Records from a data collection
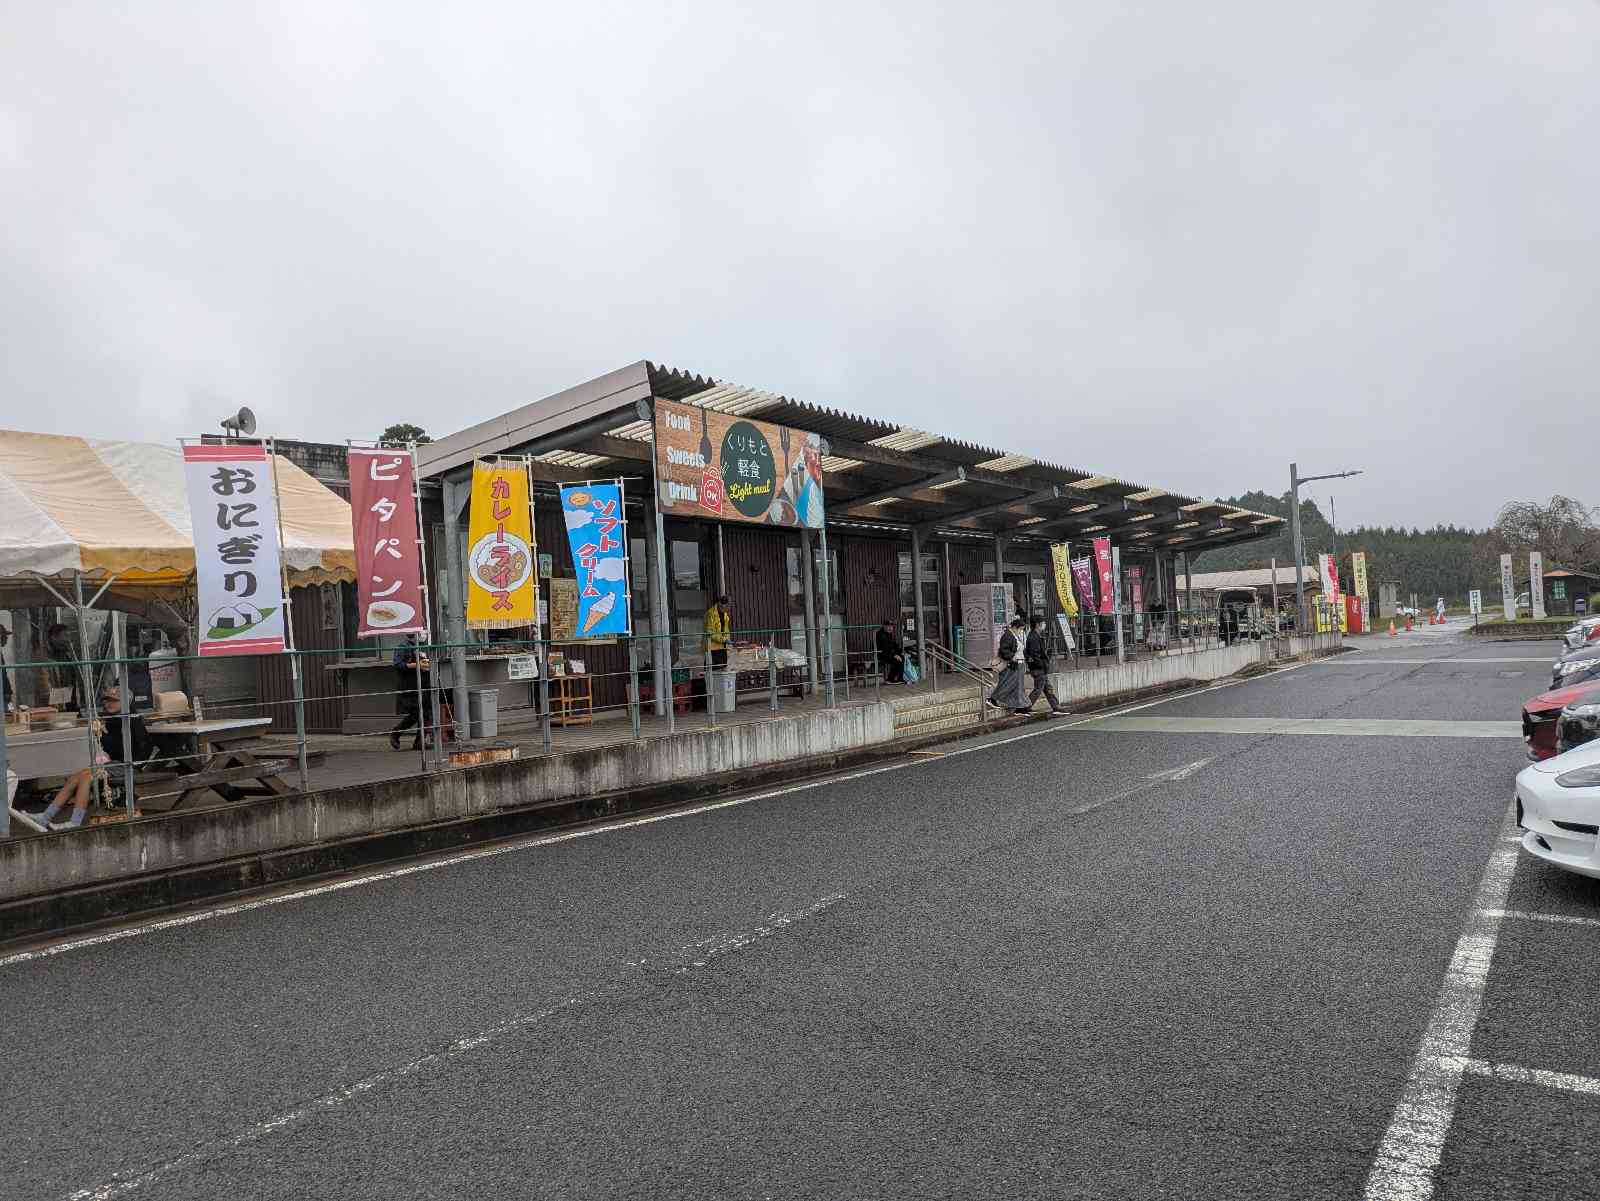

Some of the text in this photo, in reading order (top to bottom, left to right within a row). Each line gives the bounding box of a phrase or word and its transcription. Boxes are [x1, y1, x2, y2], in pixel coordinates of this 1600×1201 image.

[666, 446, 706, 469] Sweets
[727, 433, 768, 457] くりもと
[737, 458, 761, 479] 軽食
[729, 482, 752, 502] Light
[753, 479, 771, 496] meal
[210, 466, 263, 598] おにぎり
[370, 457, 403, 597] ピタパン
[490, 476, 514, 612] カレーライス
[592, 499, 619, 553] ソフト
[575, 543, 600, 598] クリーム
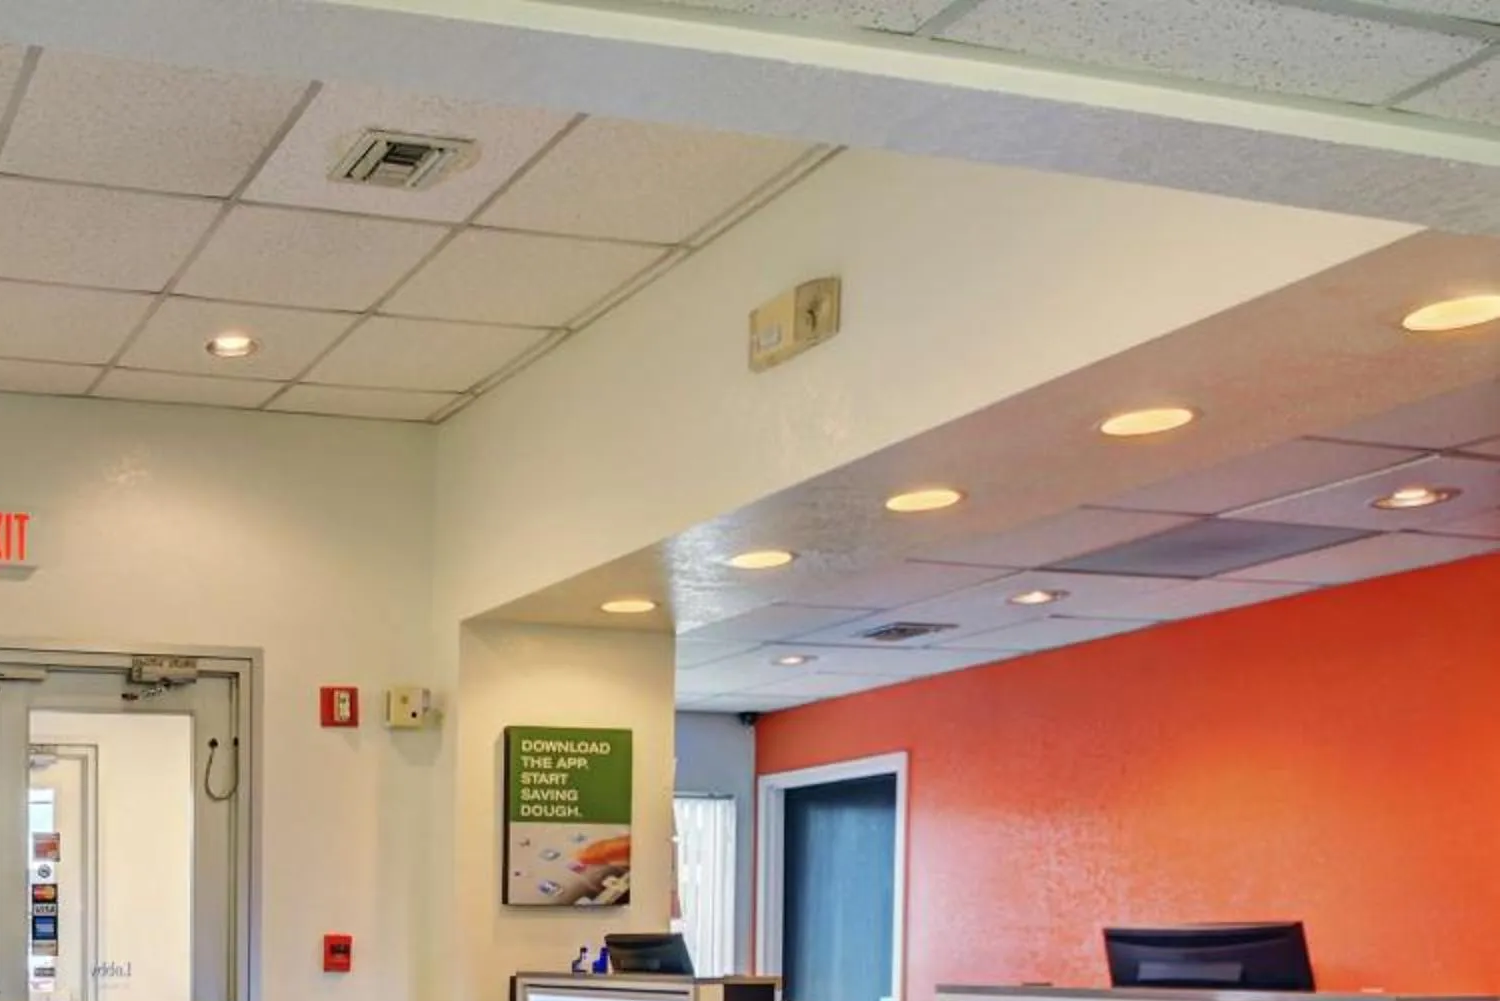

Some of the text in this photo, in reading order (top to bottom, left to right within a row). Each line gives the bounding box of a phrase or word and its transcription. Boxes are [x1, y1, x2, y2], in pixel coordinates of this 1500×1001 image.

_ACTION ITEM:_
Each record above must be retyped exactly. Omit the pictures.

_ANSWER TO THE PROBLEM:_
Some of the text in this photo, in reading order (top to bottom, left to right within a row). Each line gives the bounding box of a phrase or word and its transcription. Boxes are [x1, y1, x2, y2], in pixel coordinates of this 1600×1201 image.

[666, 446, 706, 469] Sweets
[727, 433, 768, 457] くりもと
[737, 458, 761, 479] 軽食
[729, 482, 752, 502] Light
[753, 479, 771, 496] meal
[210, 466, 263, 598] おにぎり
[370, 457, 403, 597] ピタパン
[490, 476, 514, 612] カレーライス
[592, 499, 619, 553] ソフト
[575, 543, 600, 598] クリーム

Some of the text in this photo, in reading order (top to bottom, left to right within a row). Each line gives the bounding box of a phrase or word and its transcription. Boxes are [x1, y1, x2, y2], in pixel coordinates of this 1500×1001 image.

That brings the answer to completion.